Veronica jerked back in her chair. “Me and Alexander? Goodness, no, Dillon, of course not. He’s never been interested in me that way, nor I him, I might add.”

“Why?” Sherlock asked. “He’s good-looking, smart, successful.”

“Let me say that Alexander’s always very polite to me, scrupulously so, for the fifteen years I’ve been with Venus. But I’ve always been aware he regards me as a kind of servant, not deserving of his attention, a very upstairs/downstairs mentality.”


One other quick question,” Savich said. “Venus goes to her office every day, has for years. I’ve wondered why she believed she needed a companion fifteen years ago.”

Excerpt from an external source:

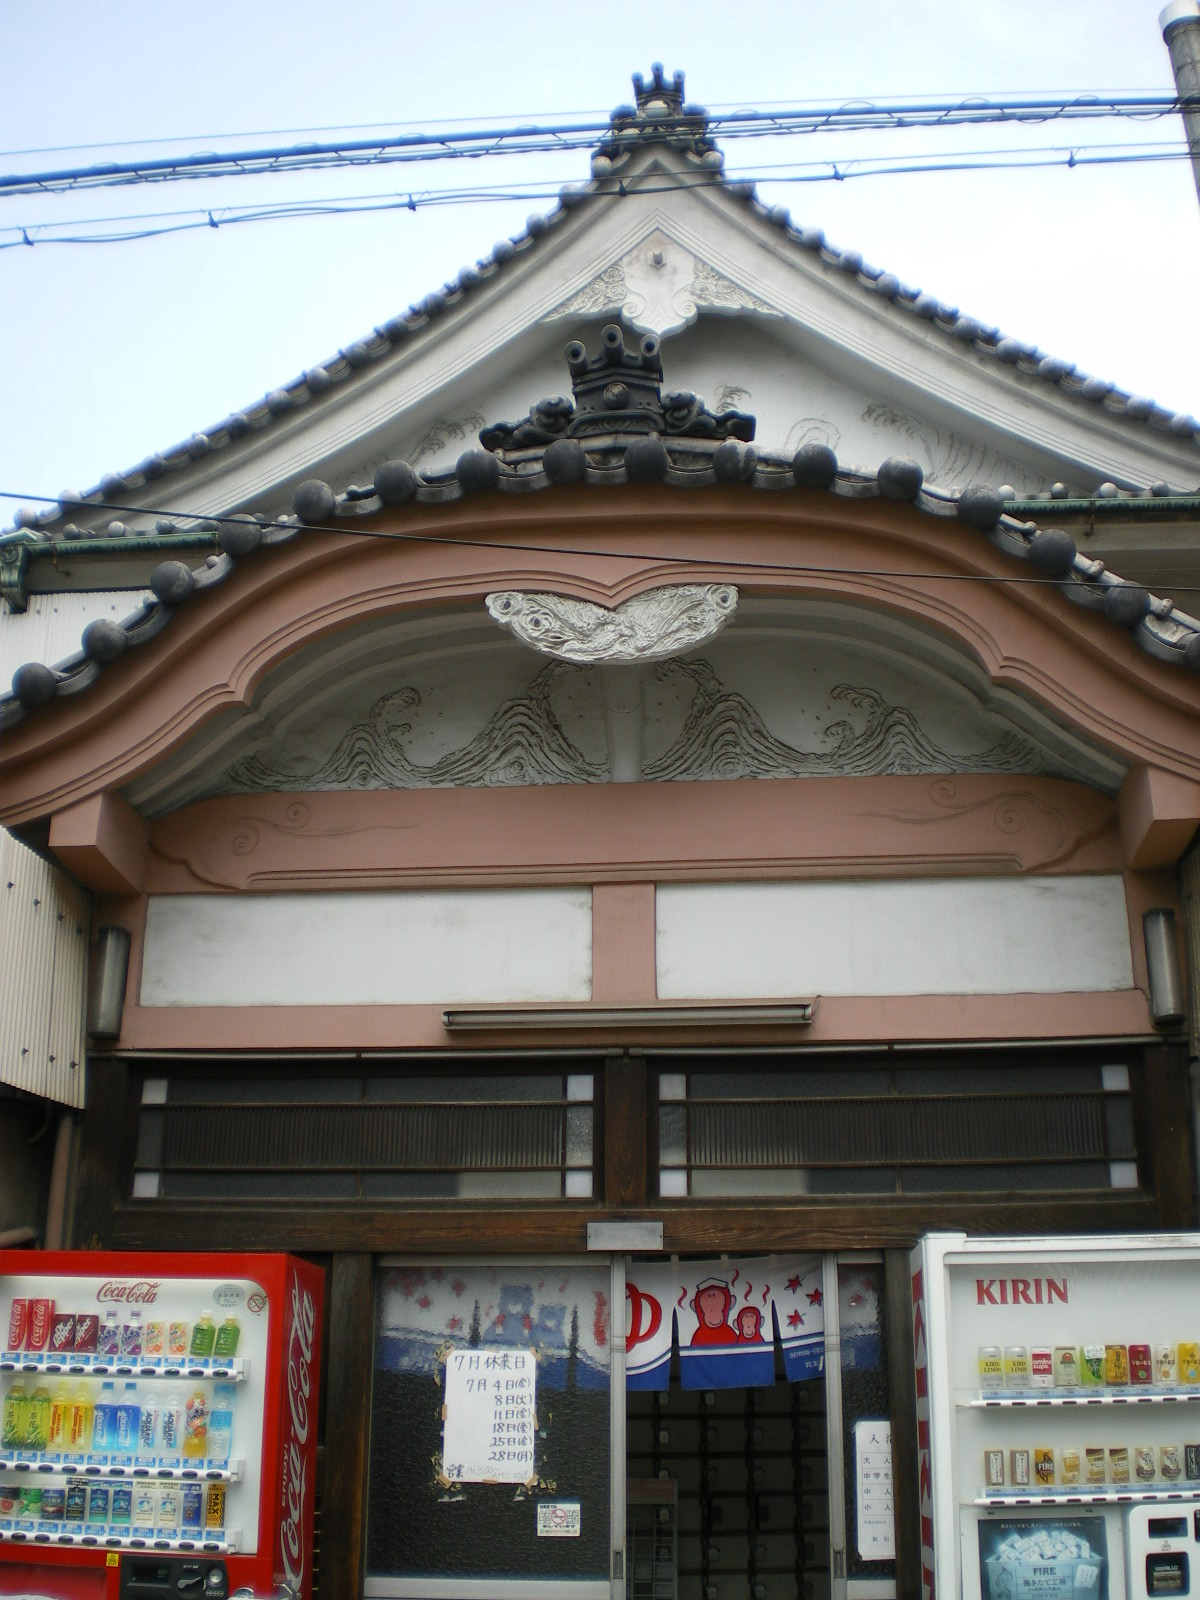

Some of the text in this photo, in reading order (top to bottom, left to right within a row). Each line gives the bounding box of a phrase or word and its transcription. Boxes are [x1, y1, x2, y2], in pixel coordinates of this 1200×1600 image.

[97, 1281, 162, 1303] Coca-Cola
[976, 1279, 1069, 1305] KIRIN
[212, 1493, 220, 1515] MAX
[1033, 1567, 1056, 1575] FIRE

Veronica smiled. “One week before she hired me, Venus had a real scare. She had the flu, and maybe it affected her heart rhythm, but she passed out. If Isabel hadn’t happened to come in her room that morning, she might have died. Venus decided she wanted someone who would always be there, making sure she put her feet on the floor in the morning. She never had that particular health problem again, but Venus and I really hit it off and she asked me not to leave.

“To tell you the truth, I chafed at first. I mean, the pay was good, but what was I to do with myself? I could read only so many books, walk so many miles since I never accompanied her to work. It was Venus who told me I was free as a bird during the day, so why not spread my wings? Why not decide what I most wanted and do it. I did.”

“And what was that?” Savich asked her.

“I started a small retail website for women’s clothing, as a reseller. It’s called Classic Threads.” She smiled. “Actually, it’s made what to me is a bundle over the years. I put a lot back into the business, since Venus sees to it that I don’t have to worry about money day to day. Nowadays, I’m up against big-time competition, but my reputation is well established, my prices are competitive, and I’ve got a huge reach geographically. Plus I’ve established some great relationships with my suppliers.”

Sherlock said, “Classic Threads, good website name. I’ll look you up. Venus must be really proud. Veronica, do you know if Venus is going to be at her office until this evening?”

“No. She promised me she’d be home by four this afternoon. But what about Alexander? Are you going to arrest him? Is he going to be able to live at home again?”

Savich sat forward. “This is difficult, I know, for you, for everyone in the family. About Alexander, we’ll have to see. In the meantime, I’m sure you’ll keep your eye on Venus, help her in any way you can. Tell her we’ll be speaking to her, and soon. Thank you for coming.”